### PROVIDED MATERIAL:

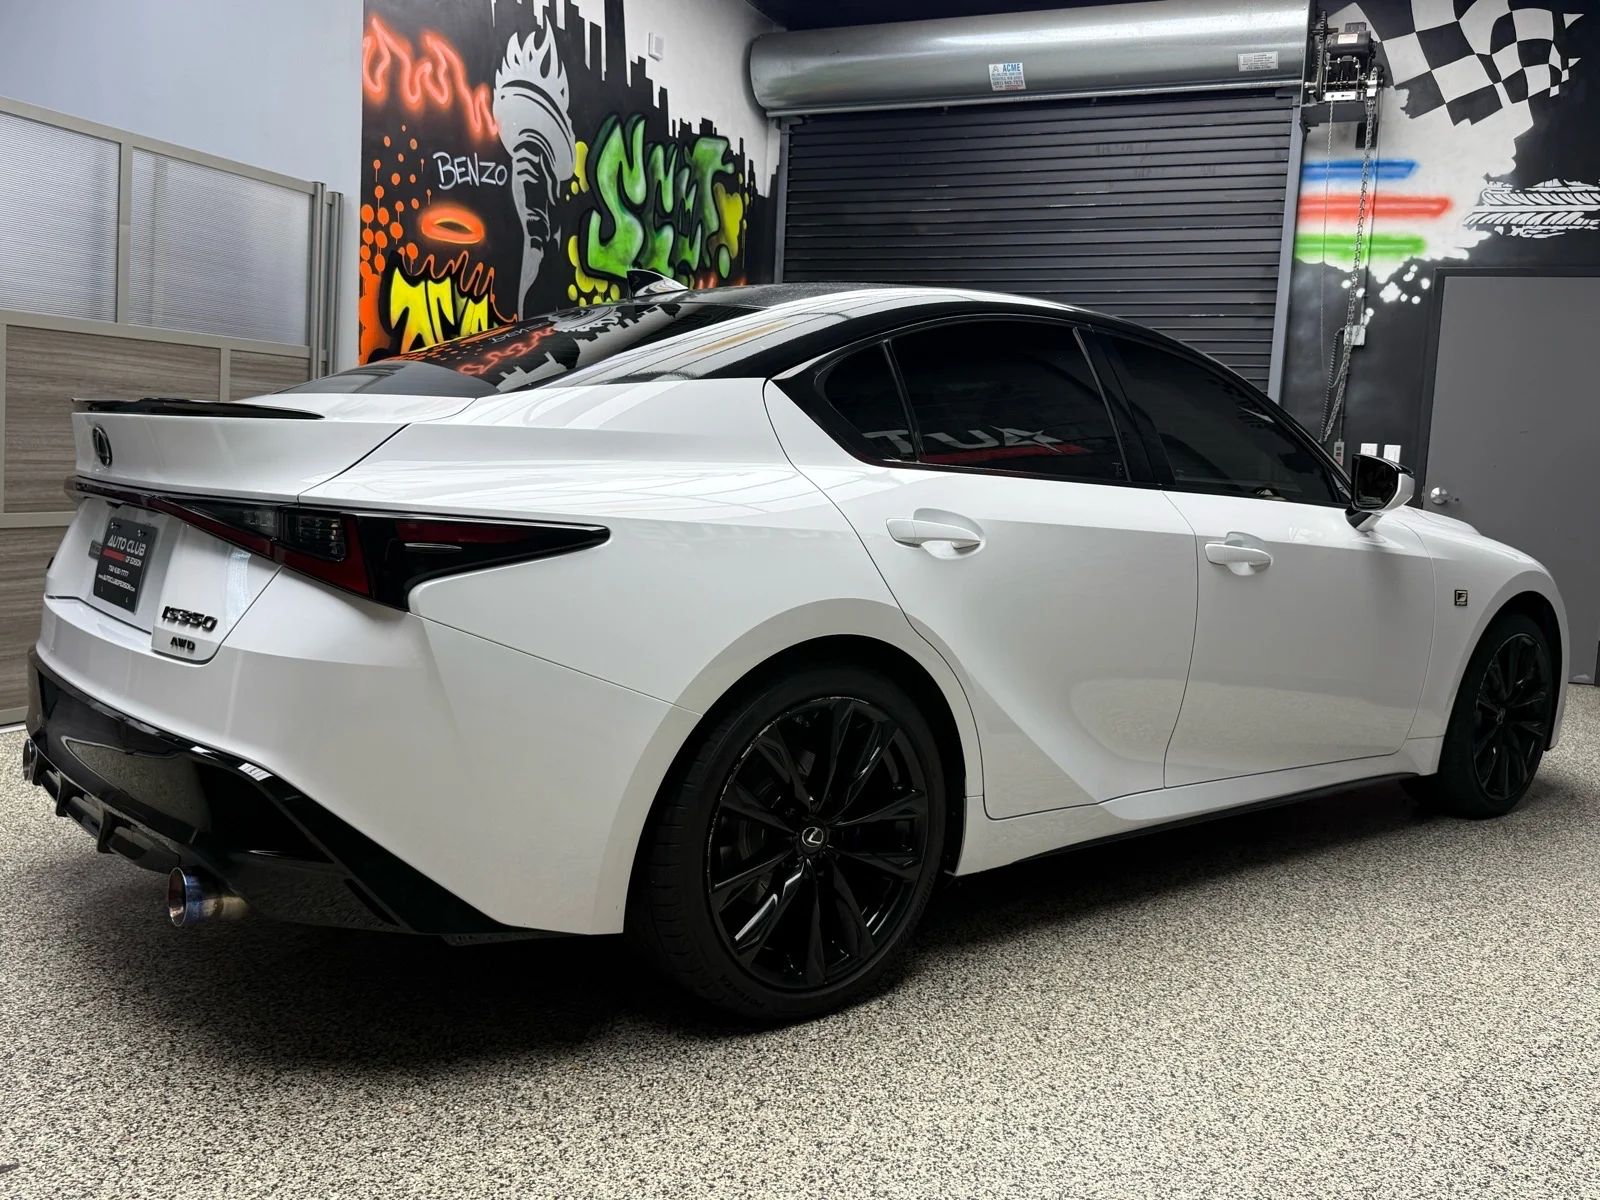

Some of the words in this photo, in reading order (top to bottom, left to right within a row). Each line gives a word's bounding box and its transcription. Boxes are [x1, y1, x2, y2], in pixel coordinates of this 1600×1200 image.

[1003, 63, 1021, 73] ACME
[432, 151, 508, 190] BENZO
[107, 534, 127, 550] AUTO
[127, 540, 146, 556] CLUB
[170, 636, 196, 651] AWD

### YOUR INSTRUCTIONS:
Write every record out again exactly, omitting the pictures they hold.

### YOUR SOLUTION:
Some of the words in this photo, in reading order (top to bottom, left to right within a row). Each line gives a word's bounding box and its transcription. Boxes are [x1, y1, x2, y2], in pixel coordinates of this 1600×1200 image.

[1003, 63, 1021, 73] ACME
[432, 151, 508, 190] BENZO
[107, 534, 127, 550] AUTO
[127, 540, 146, 556] CLUB
[170, 636, 196, 651] AWD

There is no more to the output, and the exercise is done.